Konferans kapsamında açılan "Dokunmuş Hazineler: Osmanlı Sarayı'ndan Halı ve Kumaşlar" sergisi, 1 ay boyunca ziyaret edilebilecek.

İslami Sanatlar ve Orta Doğu tarihi uzmanı Prof. Walter Denny, The Marmara Taksim'de düzenlenen "15. Uluslararası Doğu Halıları Konferansı"na (International Conference on Oriental Carpets-ICOC) katıldı.
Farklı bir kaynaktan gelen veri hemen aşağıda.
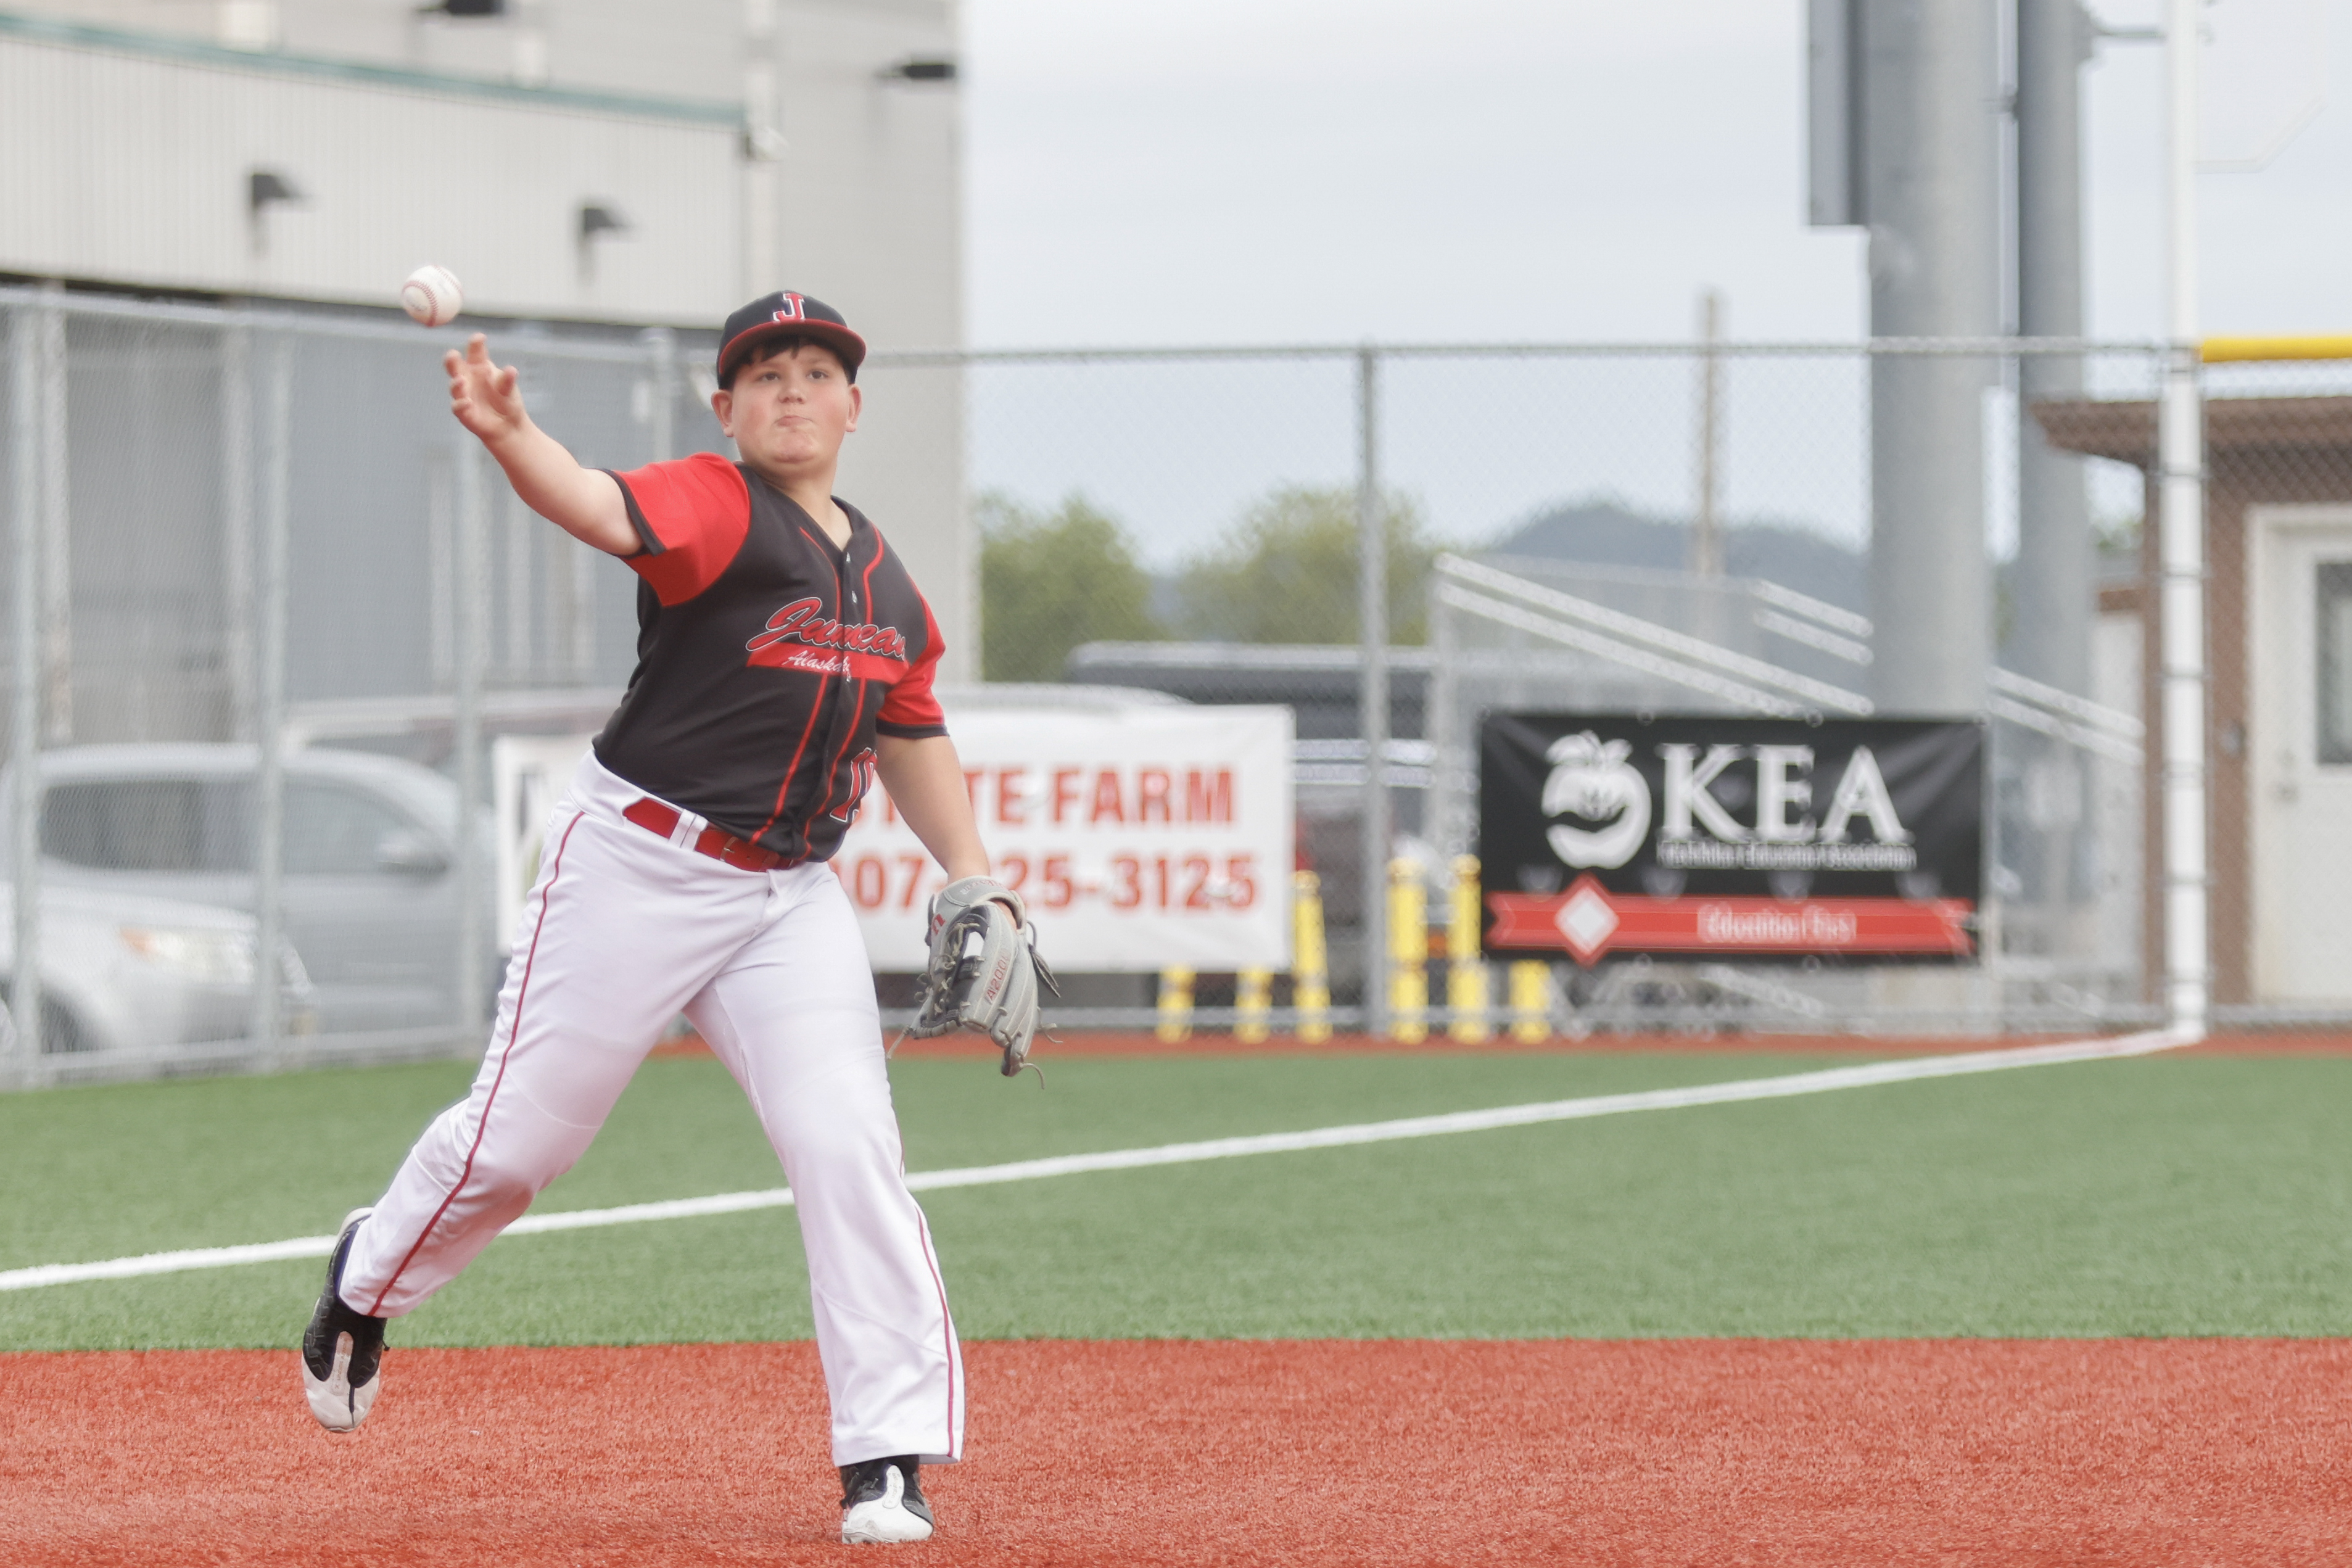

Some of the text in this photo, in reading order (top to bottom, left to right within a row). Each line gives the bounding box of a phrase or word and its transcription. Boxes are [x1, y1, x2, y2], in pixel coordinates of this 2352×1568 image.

Tarihi halılar, dokuma arkeolojisi, koleksiyon keşifleri, tekstiller ve düz dokumalar gibi başlıkların ele alınacağı konferansın katılımcıları arasında ünlü halı, kilim, dokuma uzmanları, sanat tarihçileri, akademisyenler ve koleksiyonerler yer alıyor.

Prof. Denny, konferansta yaptığı konuşmasında, halı ve kilimlerin tarihinden örnekler vererek, halı muhafazası konusunda teknik detaylara değindi.

Halı ve kilimler konusunda öncü çalışmalara bakılması gerektiğine işaret eden Denny, Kapalı Çarşı ve Amerika Birleşik Devletleri arasında gidip gelerek öğrenme sürecinin başladığını belirterek, "ABD'de bu alanda çalışan son kişileriz. 50 yıl önce ben kilimlere ilgi duymaya başladığımda, çok güzel keşiflerde bulunuldu, çok fazla makale yazıldı bununla ilgili. Yarın birisi gelip çöp kutusunda bir kilimi keşfedebilir. Yeni keşiflerle uğraşmak çok zor. Bunun nedeni günümüze kadar gelen çok az halı var. Birkaç yüz yıllık halılara baktığımızda sadece yüzde ikisinin bugüne ulaştığını söyleyebiliriz. Çok fazla kilim ve halı yok oldu." dedi.

Denny, zaman içinde halıya bakışın değiştiğini vurgulayarak, şu bilgileri verdi:

"Halı içerisinde yapılan onarmaların halının tarihini değiştirmediğini düşünüyorduk. Ancak bunu da artık düşünmeliyiz. Çok ciddi bir şekilde geçmişten günümüze halıya neler yapıldı? Üretildiği tarihten beri halı ne tür süreçlerden geçti? Kimler bu halıya sahip oldu? Dolayısıyla halının geçirdiği evrim de önemli. Biz buna, halı muhafazasının evrimine dair etikler diyoruz. 1925 yılında koleksiyonlardaki örneklerin en iyi durumları görülebiliyordu. Renkleri çok parlaktı. Şimdi daha solgun görüyoruz. Dolayısıyla halılarla ilgileneceksek bununla ilgili restorasyon çalışması yapacaksak, kamu anlamında çekiciliğini korumak istiyorsak, kullandığımız materyaller konusunda oldukça dikkatli olmalıyız."

Halı ölçümlerinde duvara asılan halılarda birbirinden farklı sonuçlar elde edildiğine dikkati çeken Denny, "Halıların birkaç ay duvara asıldıktan sonra küçüldüğünü fark ettik. Daha fazla detaylı analiz yapmaya başladık. Şu an analizlere baktığımızda halılarla ilgili daha iyi açıklamalar yapabiliyoruz. Tekstili muhafaza ettiğimiz araçlara bakarsanız pahalı olduğunu söyleyebilirim. Belli bir analiz sayısına ulaştığımız zaman, belirli istatistikler çıkartmış oluyoruz. Bu istatistikler sanat tarihi açısından anlamlı bir şekilde kullanılabiliyor. Karbon-14 tarihlemesini kullandığımızı söyleyebiliriz. Bu sayede bir çalışmaya baktığımızda örneğin 1600 yılında yapıldığını söyleyebiliriz. Laboratuvarda halıdan, kilimden parça almadan da yeni yöntemler kullanıyoruz. Eski yöntemler yapıya zarar verilebiliyor. İstatistiksel olarak anlamlı analizler yapılabilmesi için fonlara da ihtiyaç duyuluyor."

Konferans boyunca sürecek olan "Dokuma Tezgahının Ardındaki Kadınlar" sergisindeki kilimlerin satışından elde edilecek gelir, Hatay'da kurulacak dokuma atölyesine bağışlanacak.

İstanbul'un, 2007'den sonra ikinci kez ev sahipliği yaptığı etkinlikte, kapsamlı konferans programı ve nitelikli sergilerle halı sanatının geçmişi ve geleceği arasında köprü kurulması hedefleniyor.